ΔABC has coordinates of A (–5, –7), B (6, –3), and C (2, 7). Find the coordinates of its image after a dilation centered at the origin with a scale factor of 2.
A (–10, –14), B (12, –6), C (4, 14)
A (–10, –7), B (12, –3), C (4, 7)
A (–2.5, –3.5), B (3, –1.5), C (1, 3.5)
A (–5, –7), B (6, –3), C (2, 7)
The coordinates of point A after the dilation can be found by multiplying each coordinate of A by the scale factor of 2:
x-coordinate of A: -5 * 2 = -10
y-coordinate of A: -7 * 2 = -14
Therefore, the coordinates of point A after the dilation are (-10, -14).

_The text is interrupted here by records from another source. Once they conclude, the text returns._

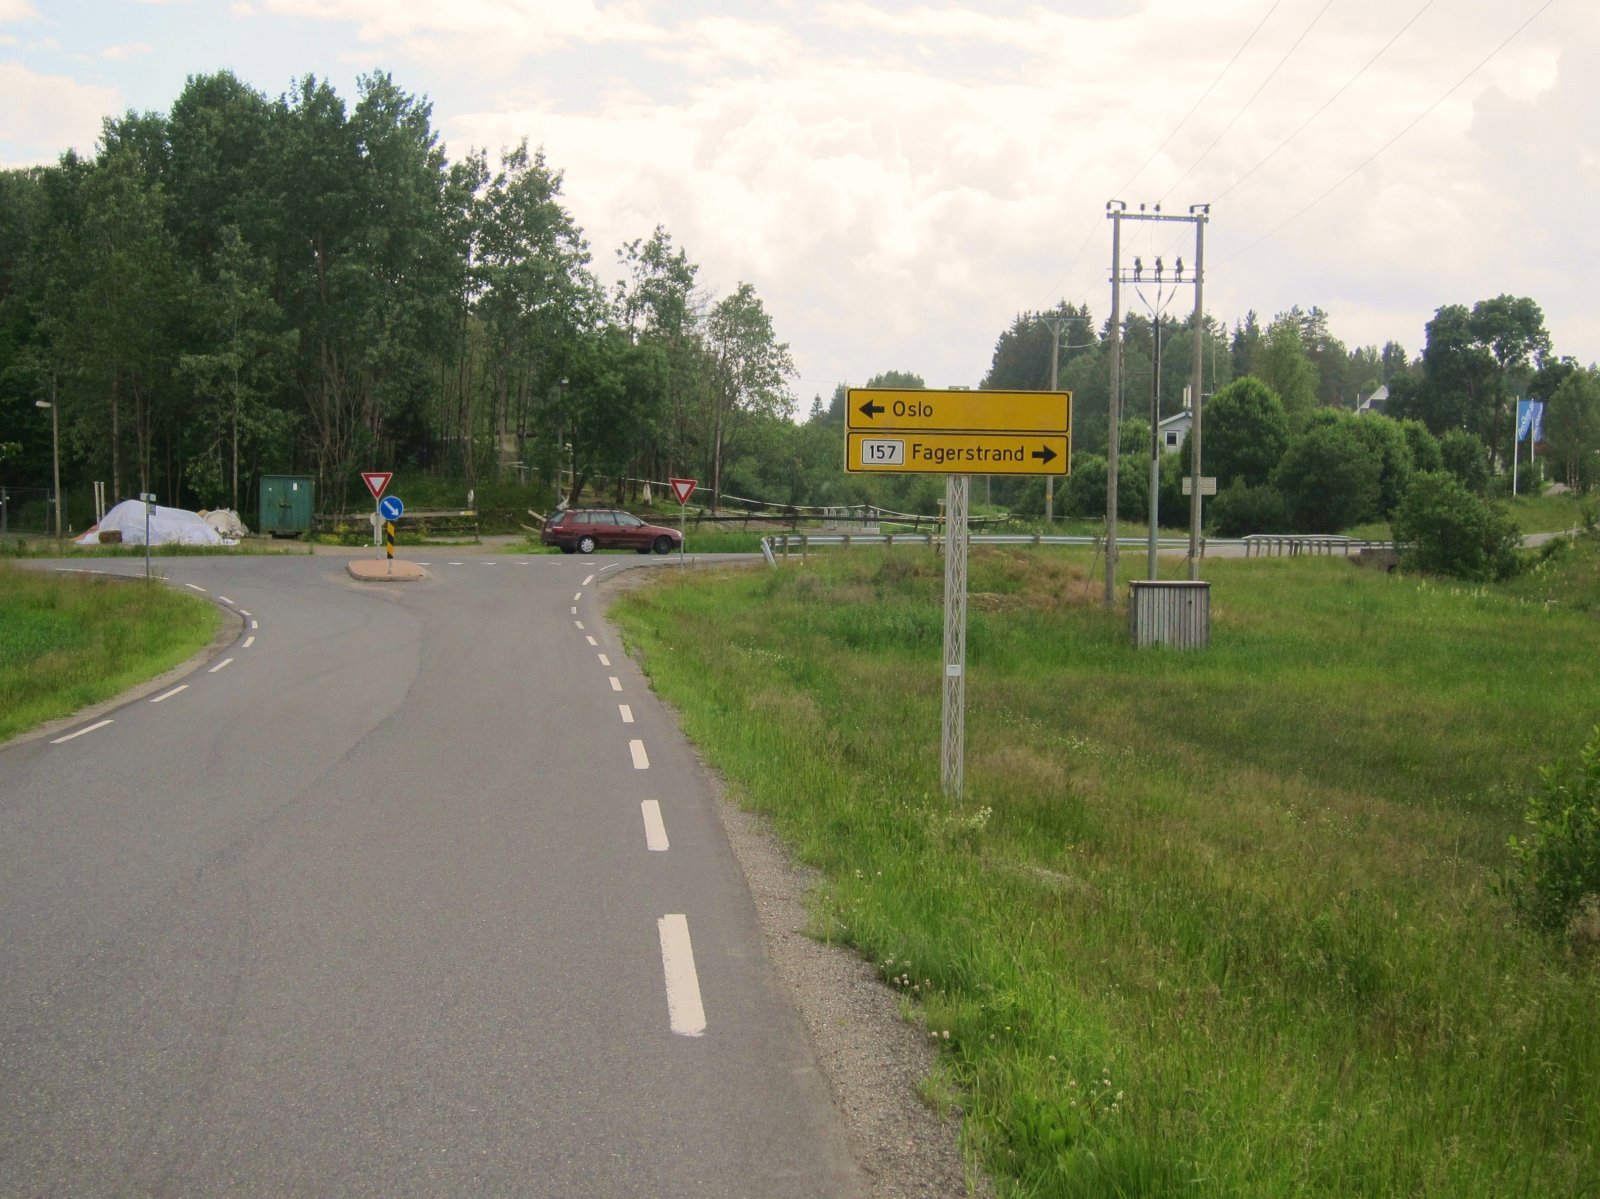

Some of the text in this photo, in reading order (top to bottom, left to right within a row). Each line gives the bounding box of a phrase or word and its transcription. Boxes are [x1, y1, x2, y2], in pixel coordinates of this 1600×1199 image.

[893, 400, 933, 417] Oslo
[869, 443, 1024, 464] 157 Fagerstrand
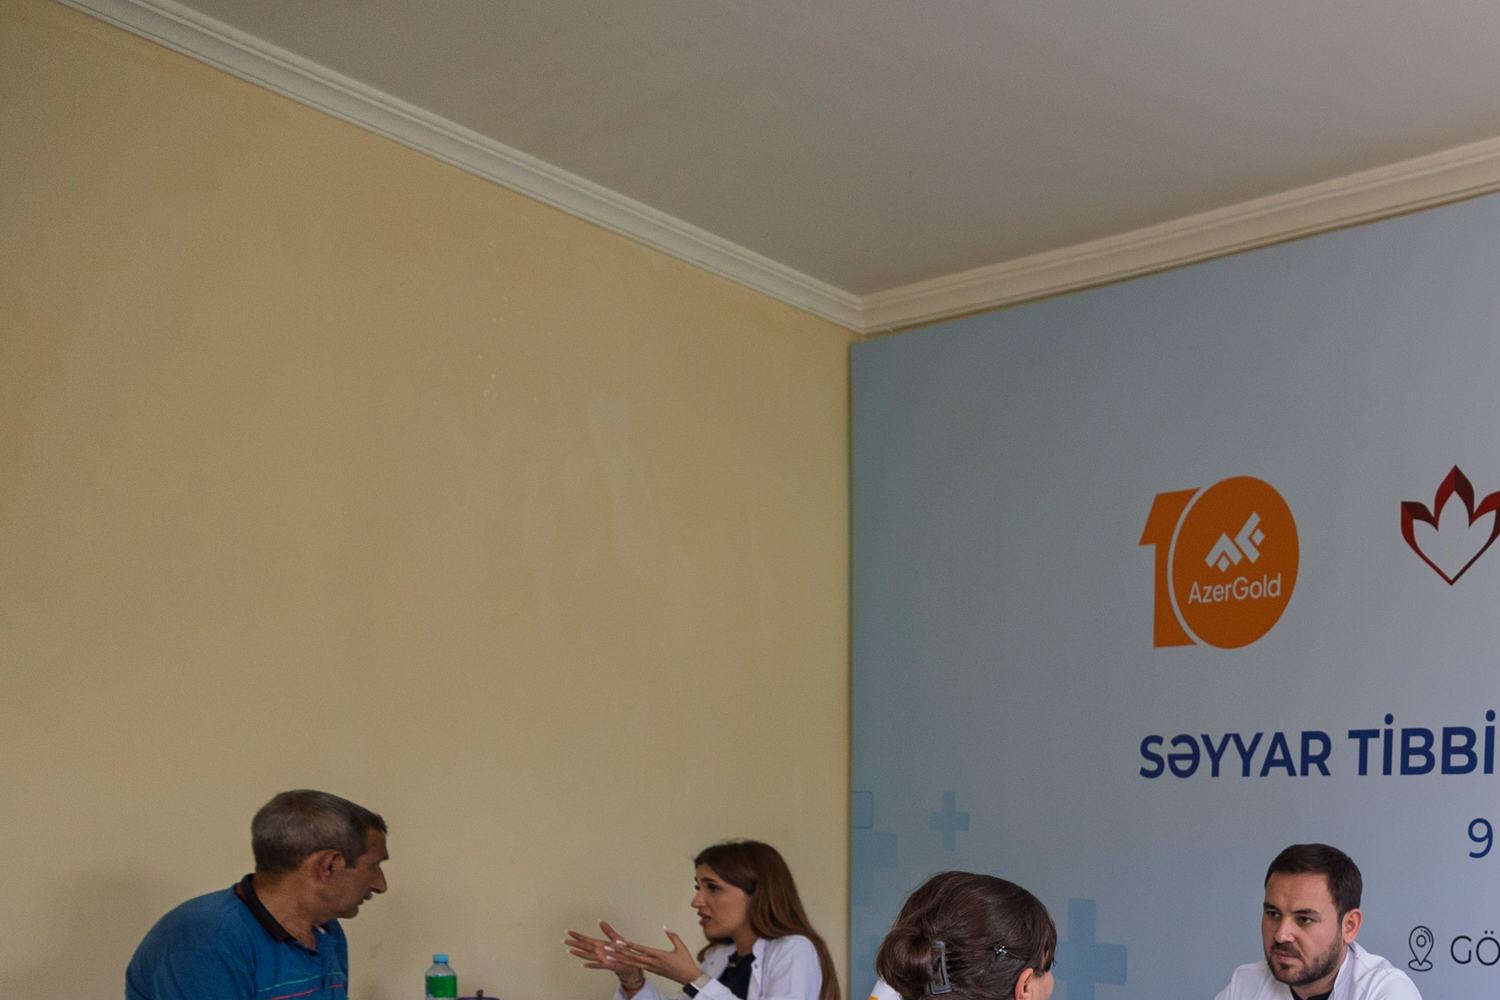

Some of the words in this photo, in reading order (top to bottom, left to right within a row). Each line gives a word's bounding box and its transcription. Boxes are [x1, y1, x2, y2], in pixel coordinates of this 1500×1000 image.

[1188, 573, 1281, 605] AzerGold
[1139, 731, 1332, 779] SƏYYAR
[1348, 713, 1496, 776] TİBBİ
[1467, 818, 1494, 859] 9

Similarly, the coordinates of point B after the dilation can be found by multiplying each coordinate of B by the scale factor of 2:
x-coordinate of B: 6 * 2 = 12
y-coordinate of B: -3 * 2 = -6
Therefore, the coordinates of point B after the dilation are (12, -6).

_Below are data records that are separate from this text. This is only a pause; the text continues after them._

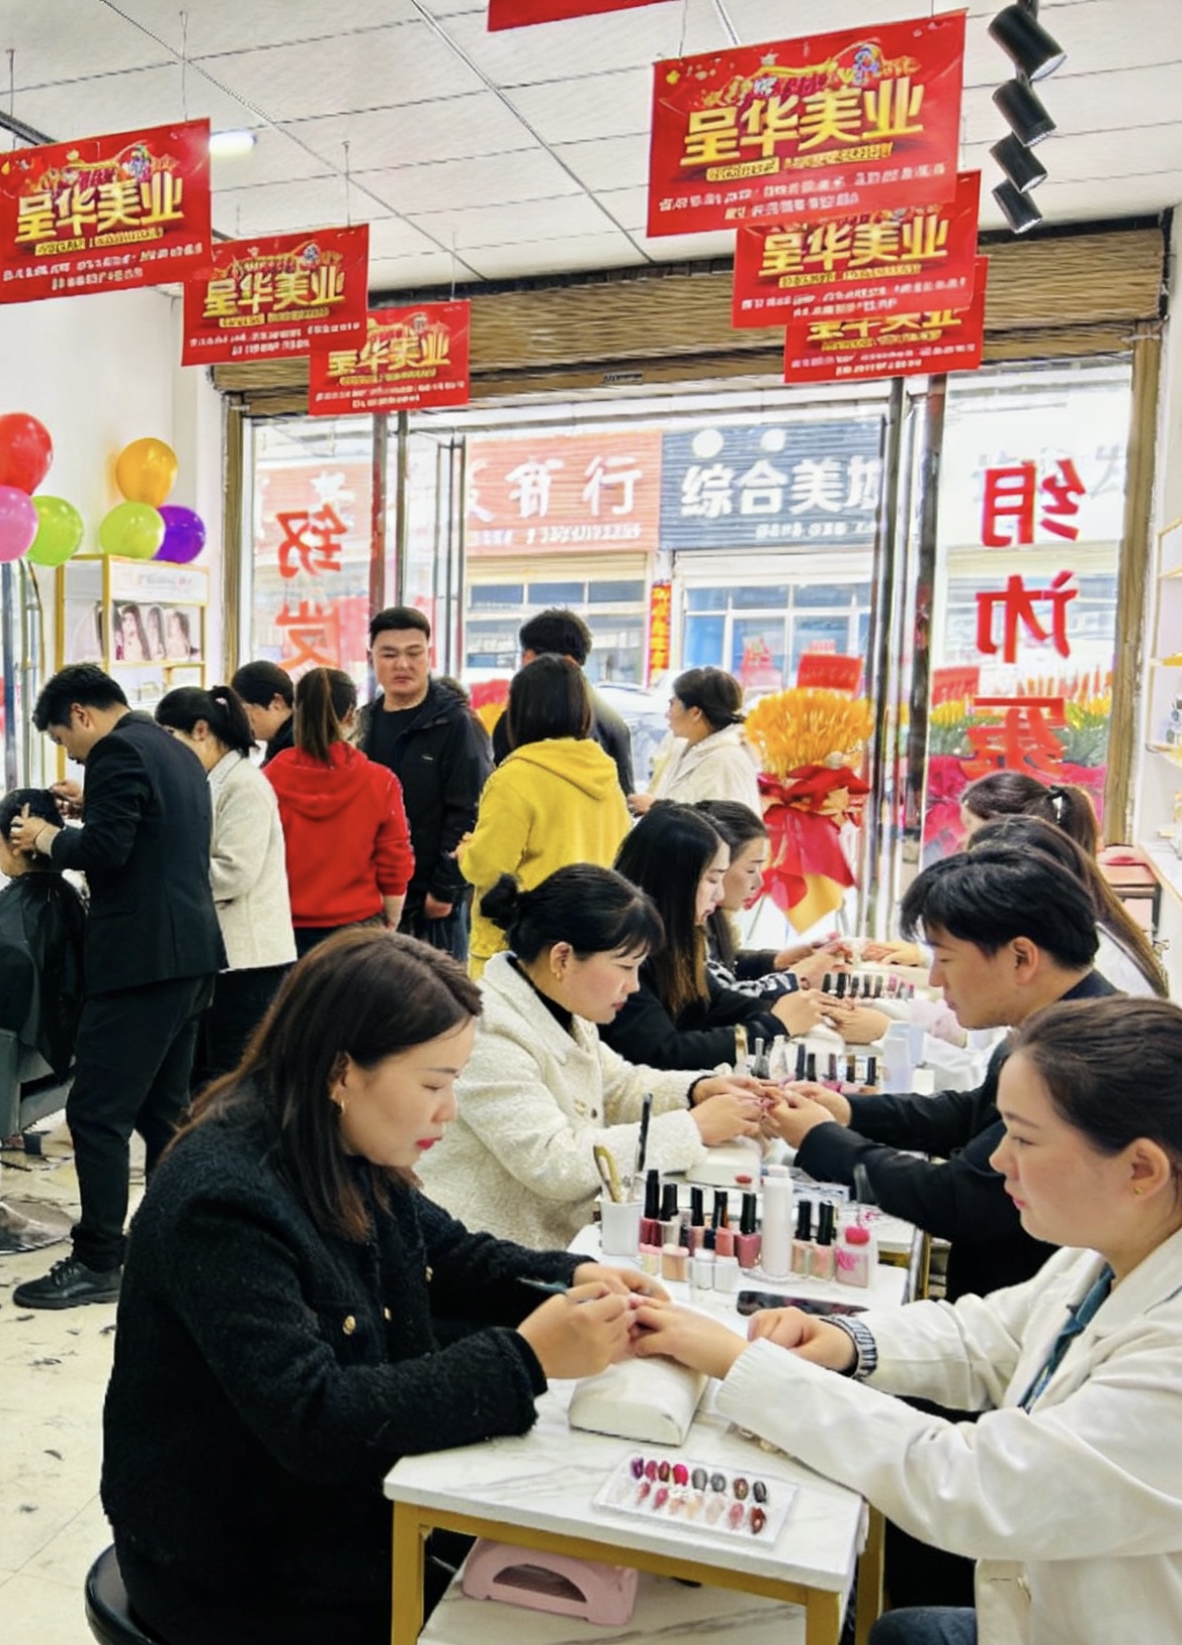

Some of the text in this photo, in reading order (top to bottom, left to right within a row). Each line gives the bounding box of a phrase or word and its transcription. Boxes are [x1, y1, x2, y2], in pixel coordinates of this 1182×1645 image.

[679, 76, 924, 166] 呈华美业
[14, 170, 184, 243] 呈华美业
[758, 214, 949, 277] 呈华美业
[203, 265, 346, 318] 呈华美业
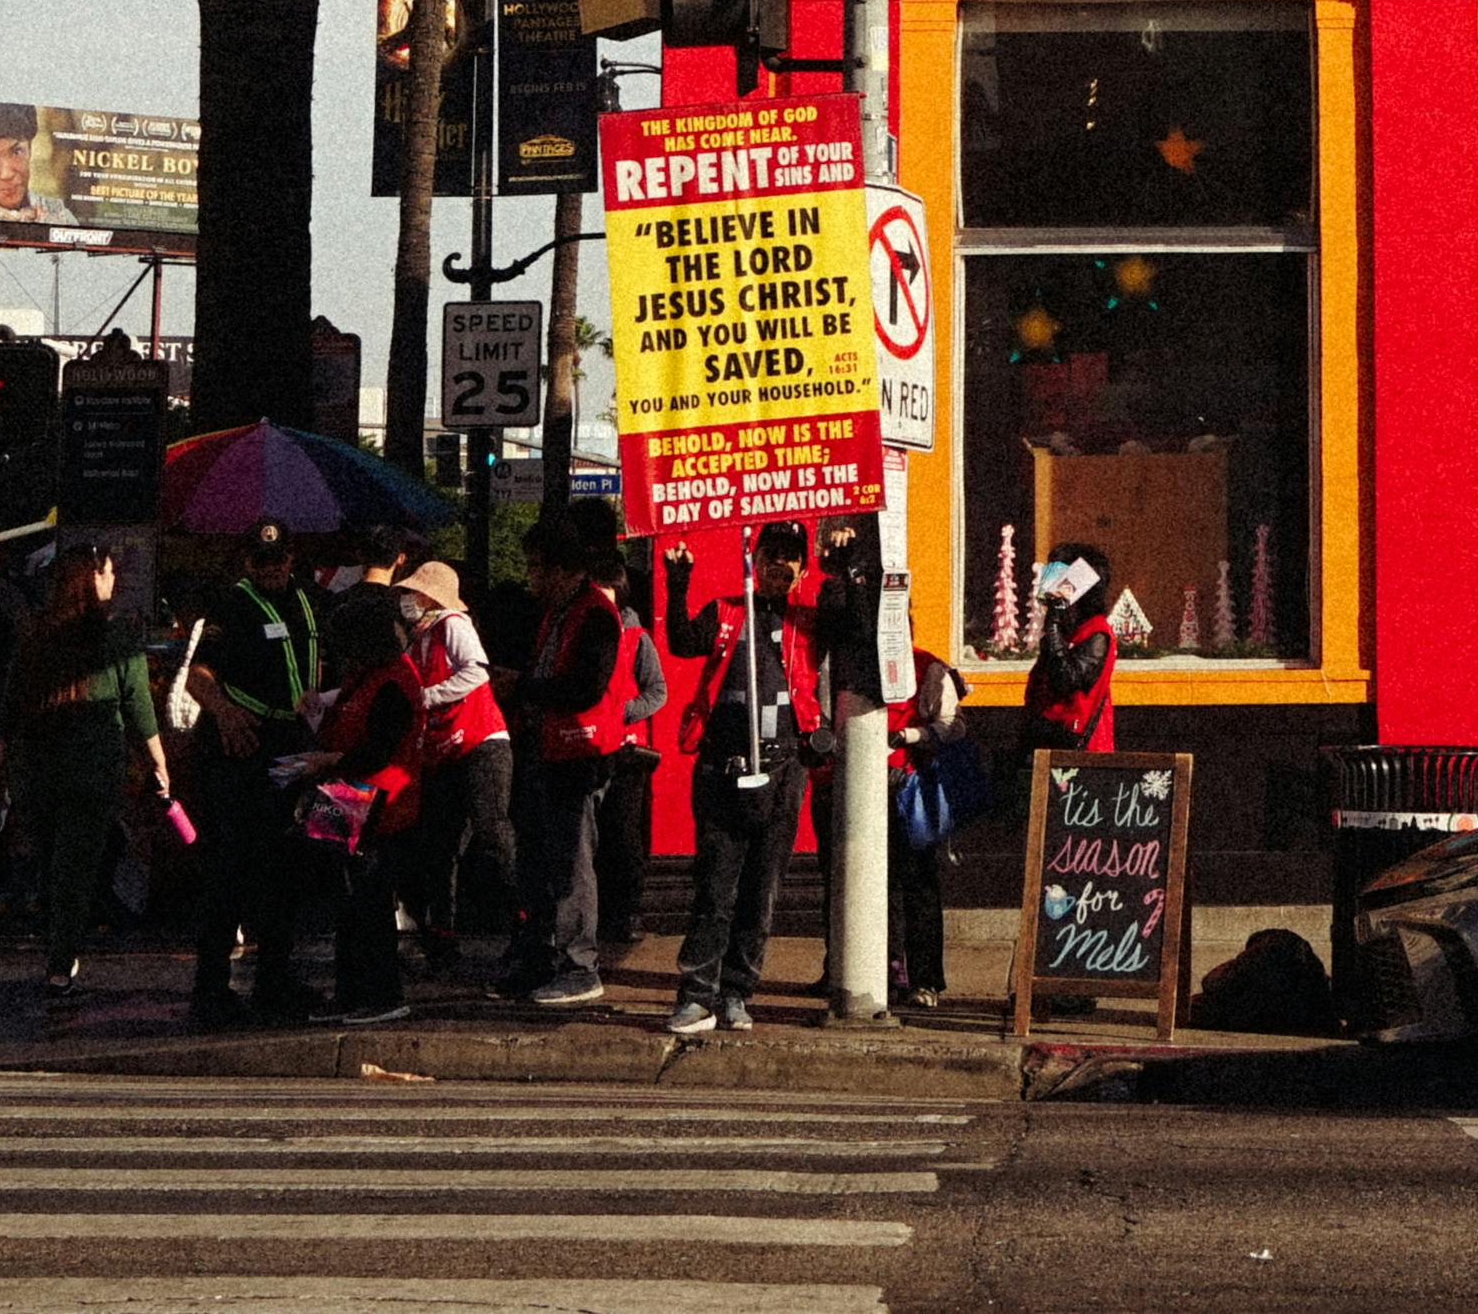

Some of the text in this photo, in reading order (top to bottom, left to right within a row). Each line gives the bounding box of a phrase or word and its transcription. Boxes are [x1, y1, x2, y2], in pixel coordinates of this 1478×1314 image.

Lastly, the coordinates of point C after the dilation can be found by multiplying each coordinate of C by the scale factor of 2:
x-coordinate of C: 2 * 2 = 4
y-coordinate of C: 7 * 2 = 14
Therefore, the coordinates of point C after the dilation are (4, 14).
So, the correct answer is option A: A (-10, -14), B (12, -6), C (4, 14).